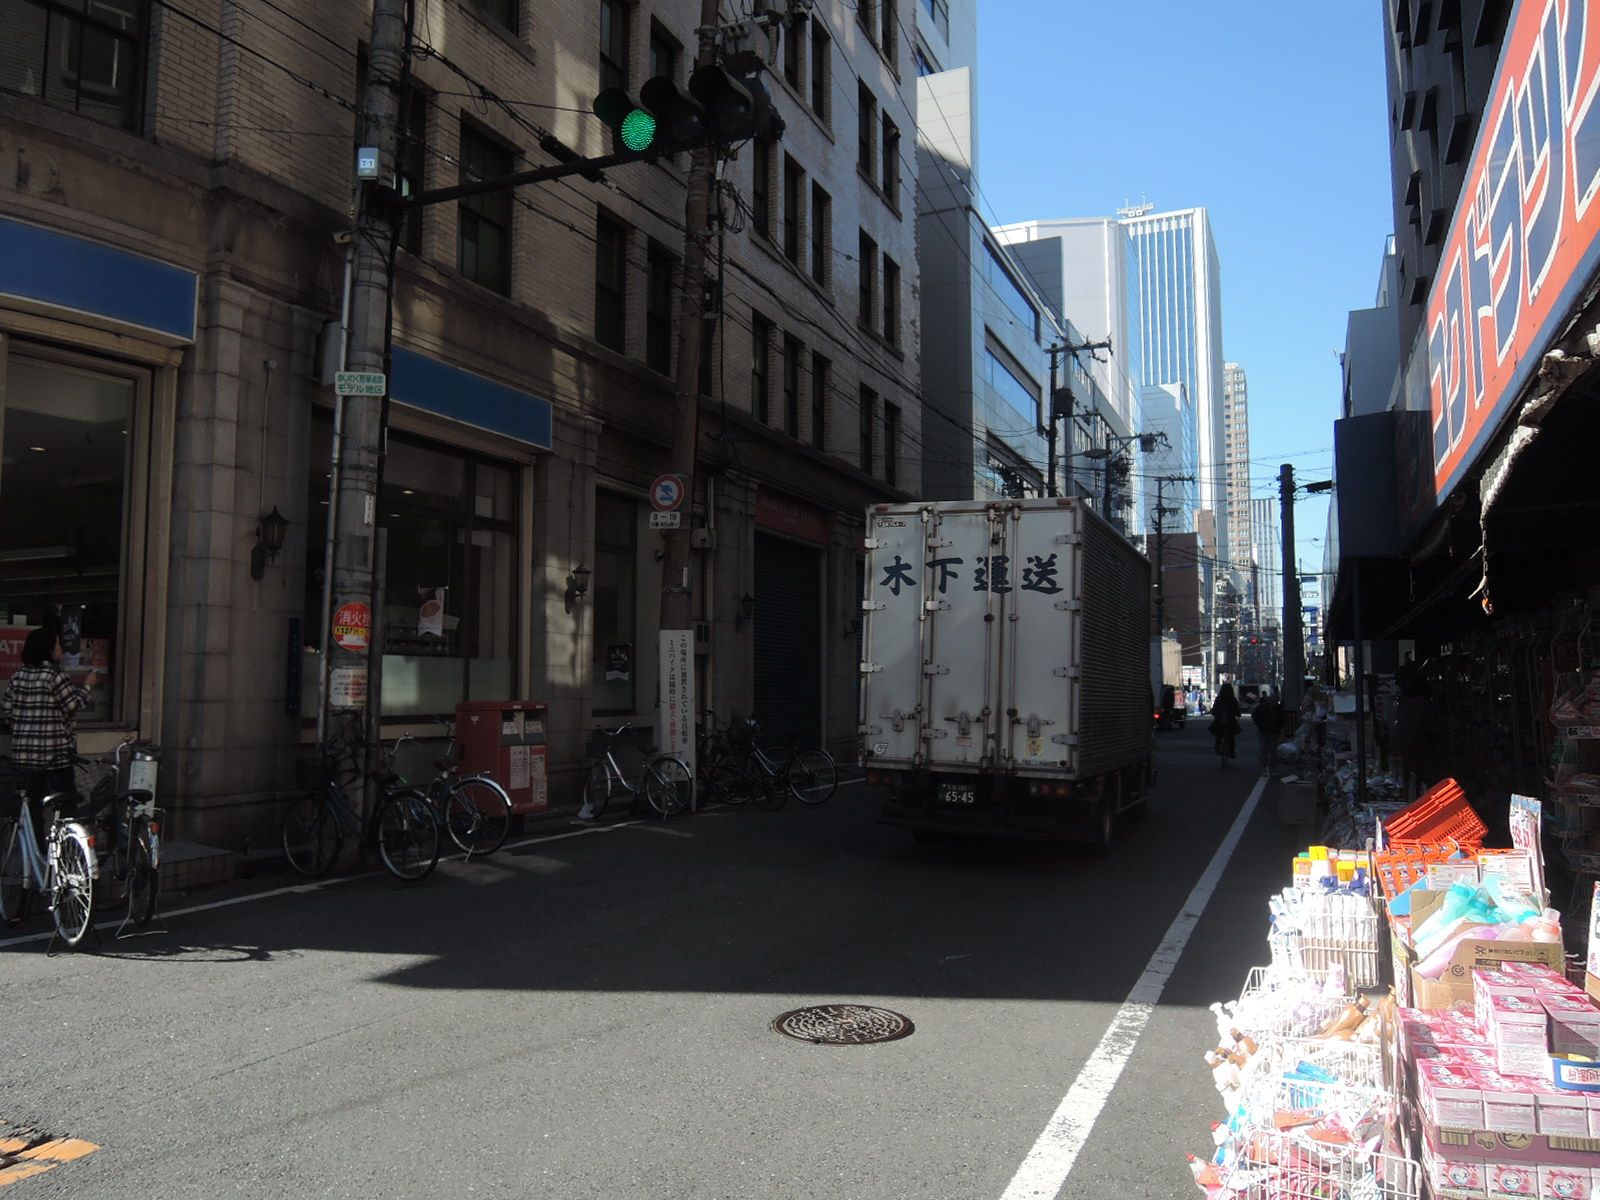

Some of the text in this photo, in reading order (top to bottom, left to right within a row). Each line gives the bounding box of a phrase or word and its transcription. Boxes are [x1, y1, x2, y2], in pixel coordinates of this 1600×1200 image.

[337, 383, 384, 394] モデル地区
[880, 553, 1064, 597] 木下運送
[945, 790, 974, 803] 65-45
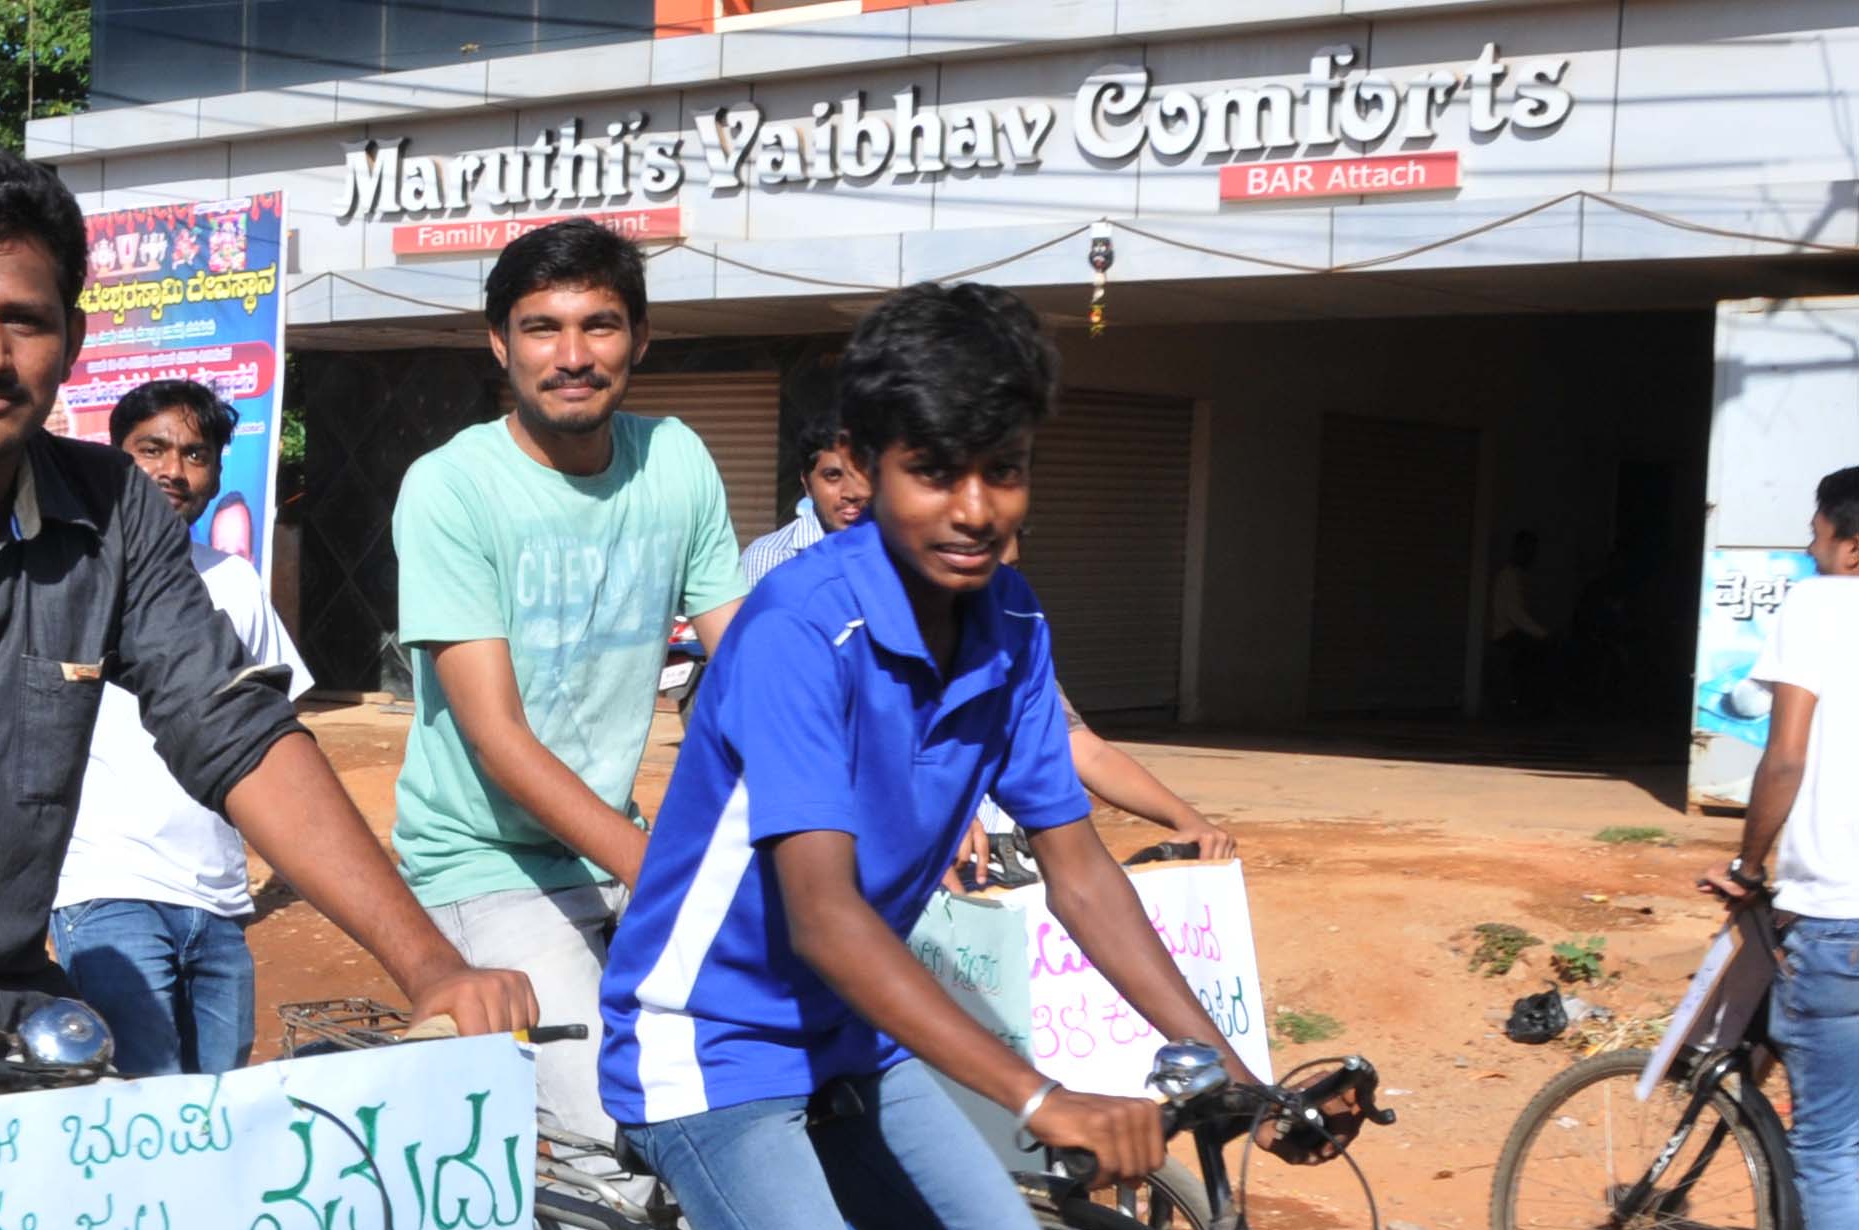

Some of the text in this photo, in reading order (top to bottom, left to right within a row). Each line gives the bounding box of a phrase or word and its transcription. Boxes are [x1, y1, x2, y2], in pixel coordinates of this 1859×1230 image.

[340, 42, 1574, 222] Maruthi's Vaibhav Comforts
[1247, 158, 1426, 195] BAR Attach
[418, 213, 651, 247] Family Reant
[61, 1097, 232, 1180] ಭೂಮಿ
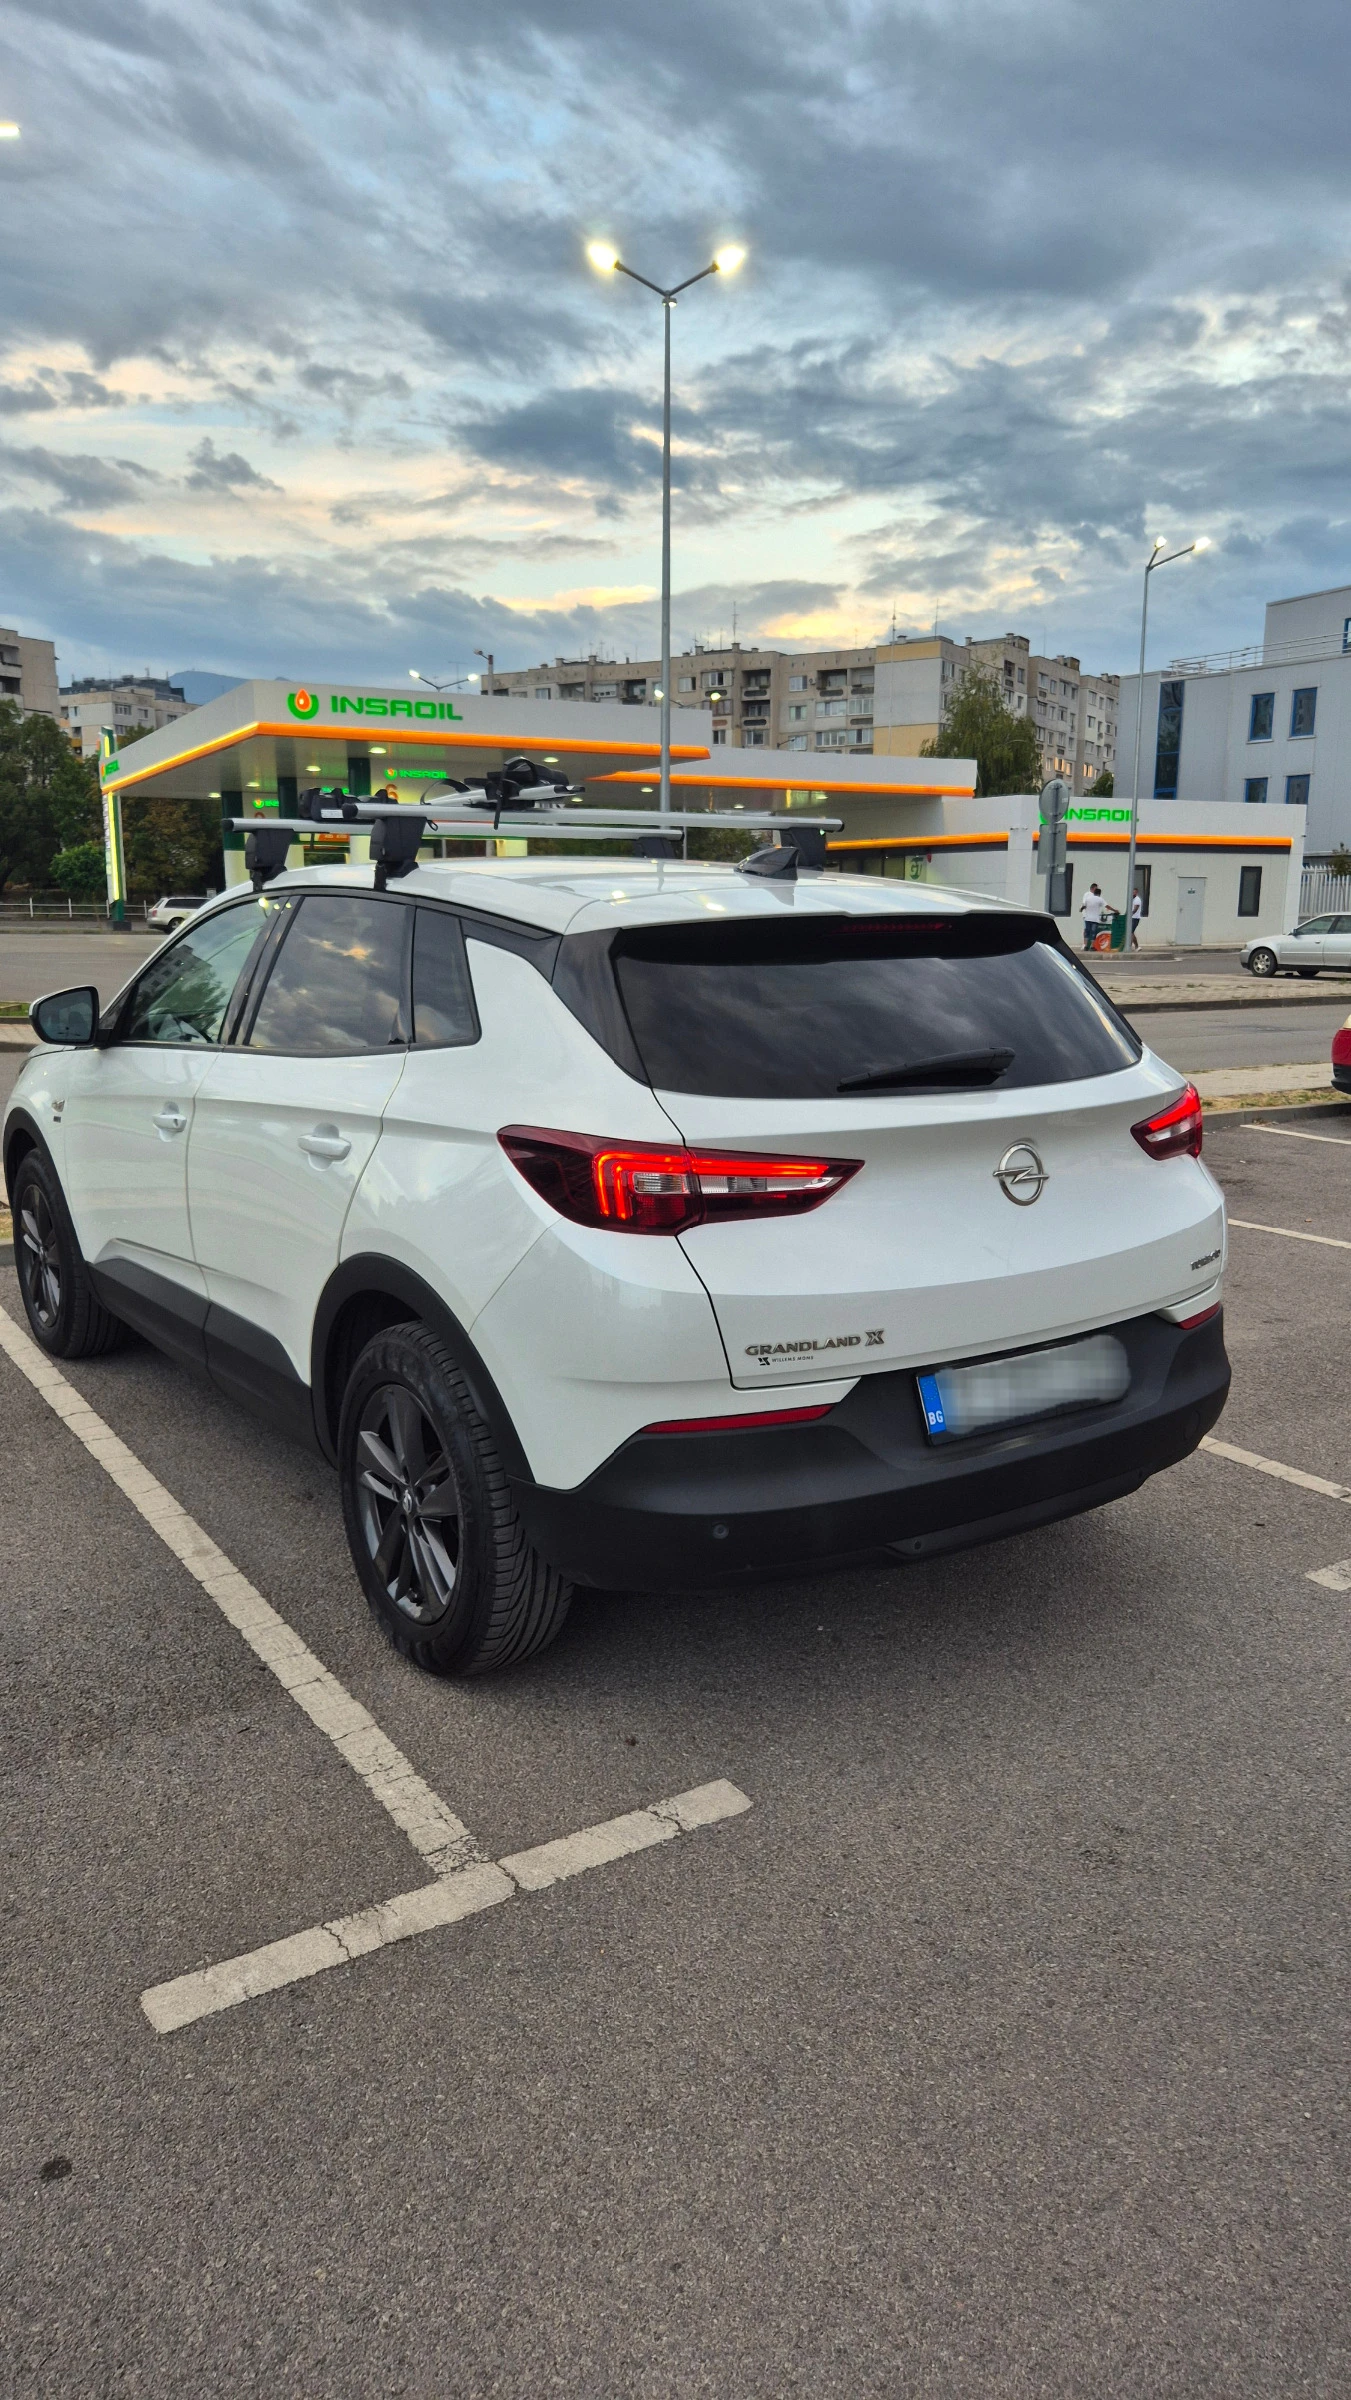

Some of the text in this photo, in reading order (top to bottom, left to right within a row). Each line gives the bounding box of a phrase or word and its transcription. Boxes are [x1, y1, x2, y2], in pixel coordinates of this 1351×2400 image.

[331, 695, 463, 721] INSAOIL
[745, 1329, 885, 1356] GRANDLAND X
[928, 1410, 943, 1425] BG

-=-=-=-=-

● Problem statement
An exact repeat of all the data is required, pictures excluded.

● Response box
Some of the text in this photo, in reading order (top to bottom, left to right within a row). Each line gives the bounding box of a phrase or word and its transcription. Boxes are [x1, y1, x2, y2], in pixel coordinates of this 1600×1200 image.

[337, 383, 384, 394] モデル地区
[880, 553, 1064, 597] 木下運送
[945, 790, 974, 803] 65-45

Some of the text in this photo, in reading order (top to bottom, left to right within a row). Each line gives the bounding box of a phrase or word and its transcription. Boxes are [x1, y1, x2, y2], in pixel coordinates of this 1859×1230 image.

[340, 42, 1574, 222] Maruthi's Vaibhav Comforts
[1247, 158, 1426, 195] BAR Attach
[418, 213, 651, 247] Family Reant
[61, 1097, 232, 1180] ಭೂಮಿ

Some of the text in this photo, in reading order (top to bottom, left to right within a row). Each line gives the bounding box of a phrase or word and its transcription. Boxes are [x1, y1, x2, y2], in pixel coordinates of this 1351×2400 image.

[331, 695, 463, 721] INSAOIL
[745, 1329, 885, 1356] GRANDLAND X
[928, 1410, 943, 1425] BG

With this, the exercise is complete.